The amount of memory used by the algorithm is determined by the size of the concordance and discordance matrices. Each of them has n A 2 n C elements, where n a is the number of images in the database and n c is the number of potential criteria. In our case n A  = 591 and n C  = 368, so both matrices together occupied 245 MB,Footnote 6 which allows for the software to be run on a standard PC without the need for memory swapping. Storing concordance and discordance matrices in memory allows more calculations to be done off-line, but it is not necessary. For larger databases:

  • in stage A (Fig. 1) concordance and discordance coefficients can only be calculated for the set of sample images presented to the user,

  • in stage B the values c j (x, y) and d j (x, y) can be calculated when needed. Then the biggest variable stored in memory is binary matrix T, which occupies n A 2 bits of memory. This may become a limitation if the database size exceeds tens of thousands of images.

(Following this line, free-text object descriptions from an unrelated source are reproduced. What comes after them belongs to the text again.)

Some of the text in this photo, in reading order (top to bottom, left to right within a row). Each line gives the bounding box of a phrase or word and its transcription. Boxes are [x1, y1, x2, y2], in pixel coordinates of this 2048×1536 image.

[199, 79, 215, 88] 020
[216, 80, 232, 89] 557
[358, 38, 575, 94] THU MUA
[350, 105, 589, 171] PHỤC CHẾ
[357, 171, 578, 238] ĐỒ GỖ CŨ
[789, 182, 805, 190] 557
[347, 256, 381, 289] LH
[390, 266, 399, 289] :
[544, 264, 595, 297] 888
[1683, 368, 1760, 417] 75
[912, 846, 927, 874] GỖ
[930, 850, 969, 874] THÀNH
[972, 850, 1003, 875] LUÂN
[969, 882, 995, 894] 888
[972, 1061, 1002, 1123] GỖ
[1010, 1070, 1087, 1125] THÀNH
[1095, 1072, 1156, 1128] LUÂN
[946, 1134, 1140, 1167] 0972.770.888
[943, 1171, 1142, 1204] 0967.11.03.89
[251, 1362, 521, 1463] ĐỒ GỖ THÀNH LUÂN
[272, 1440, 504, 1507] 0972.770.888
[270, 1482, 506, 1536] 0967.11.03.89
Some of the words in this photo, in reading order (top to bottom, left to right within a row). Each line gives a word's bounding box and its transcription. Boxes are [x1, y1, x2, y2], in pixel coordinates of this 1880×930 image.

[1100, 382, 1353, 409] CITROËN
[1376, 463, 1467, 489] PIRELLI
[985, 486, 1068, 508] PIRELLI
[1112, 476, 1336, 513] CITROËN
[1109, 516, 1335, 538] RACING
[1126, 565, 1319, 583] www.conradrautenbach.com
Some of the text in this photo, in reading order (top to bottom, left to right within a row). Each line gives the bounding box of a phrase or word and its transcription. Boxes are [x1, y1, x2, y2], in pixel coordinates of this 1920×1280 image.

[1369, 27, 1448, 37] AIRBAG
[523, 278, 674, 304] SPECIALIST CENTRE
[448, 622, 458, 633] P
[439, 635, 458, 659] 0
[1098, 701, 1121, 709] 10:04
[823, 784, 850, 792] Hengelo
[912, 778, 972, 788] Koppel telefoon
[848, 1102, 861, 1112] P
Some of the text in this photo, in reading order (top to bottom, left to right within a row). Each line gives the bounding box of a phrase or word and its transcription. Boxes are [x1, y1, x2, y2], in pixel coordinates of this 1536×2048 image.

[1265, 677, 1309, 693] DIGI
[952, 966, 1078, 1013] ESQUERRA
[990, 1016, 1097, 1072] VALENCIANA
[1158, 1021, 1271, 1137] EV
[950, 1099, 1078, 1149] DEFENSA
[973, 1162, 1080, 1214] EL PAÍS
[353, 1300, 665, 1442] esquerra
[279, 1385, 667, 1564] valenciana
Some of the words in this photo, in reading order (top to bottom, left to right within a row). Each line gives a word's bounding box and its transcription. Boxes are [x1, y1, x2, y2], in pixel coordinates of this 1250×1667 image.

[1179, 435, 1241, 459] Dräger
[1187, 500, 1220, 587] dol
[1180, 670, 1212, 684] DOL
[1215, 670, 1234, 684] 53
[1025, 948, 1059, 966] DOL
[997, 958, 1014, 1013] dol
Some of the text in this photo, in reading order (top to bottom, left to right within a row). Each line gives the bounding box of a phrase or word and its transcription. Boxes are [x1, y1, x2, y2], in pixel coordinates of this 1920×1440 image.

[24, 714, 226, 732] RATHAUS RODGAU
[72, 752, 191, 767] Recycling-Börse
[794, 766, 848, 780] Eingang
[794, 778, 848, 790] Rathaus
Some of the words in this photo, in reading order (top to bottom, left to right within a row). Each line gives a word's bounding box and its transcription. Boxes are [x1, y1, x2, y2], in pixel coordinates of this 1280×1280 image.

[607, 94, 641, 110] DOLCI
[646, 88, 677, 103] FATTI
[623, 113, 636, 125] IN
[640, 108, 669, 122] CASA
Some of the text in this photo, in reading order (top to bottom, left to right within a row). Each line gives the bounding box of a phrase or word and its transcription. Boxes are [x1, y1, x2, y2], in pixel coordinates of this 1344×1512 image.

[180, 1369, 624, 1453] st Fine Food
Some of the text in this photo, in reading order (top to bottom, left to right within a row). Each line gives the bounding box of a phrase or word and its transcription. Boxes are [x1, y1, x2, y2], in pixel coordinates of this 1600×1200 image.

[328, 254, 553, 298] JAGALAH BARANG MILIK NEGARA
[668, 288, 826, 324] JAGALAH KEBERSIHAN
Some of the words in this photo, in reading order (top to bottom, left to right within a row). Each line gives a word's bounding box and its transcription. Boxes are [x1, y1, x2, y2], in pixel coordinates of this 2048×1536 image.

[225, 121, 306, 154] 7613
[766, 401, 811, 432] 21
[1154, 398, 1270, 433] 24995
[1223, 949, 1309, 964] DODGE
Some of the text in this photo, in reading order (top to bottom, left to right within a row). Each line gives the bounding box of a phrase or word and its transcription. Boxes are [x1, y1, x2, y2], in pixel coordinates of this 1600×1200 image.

5 Conclusion and future work

In this article we have proposed a method for the elicitation of user search criteria based on the relational MCDM methodology. The method is analogous to the ELECTRE algorithm, but the direction of reasoning is reversed: user criteria and their relative importance are found based on user assessment of sample alternatives. We have demonstrated that our approach can be an effective tool for the multicriteria retrieval of information, in particular for Content-based Image Retrieval.

Our goal was to develop a prototype that would demonstrate and test our methodology rather than to create a complete CBIR system. In order to develop an application that could operate on any database of images without preliminary processing, automatic object classification would have to be integrated with the algorithm. The set of potential criteria that we used could be enlarged and include, for example, the location of objects in the image and relationships between objects. These extensions could be developed within the methodological framework proposed in this article.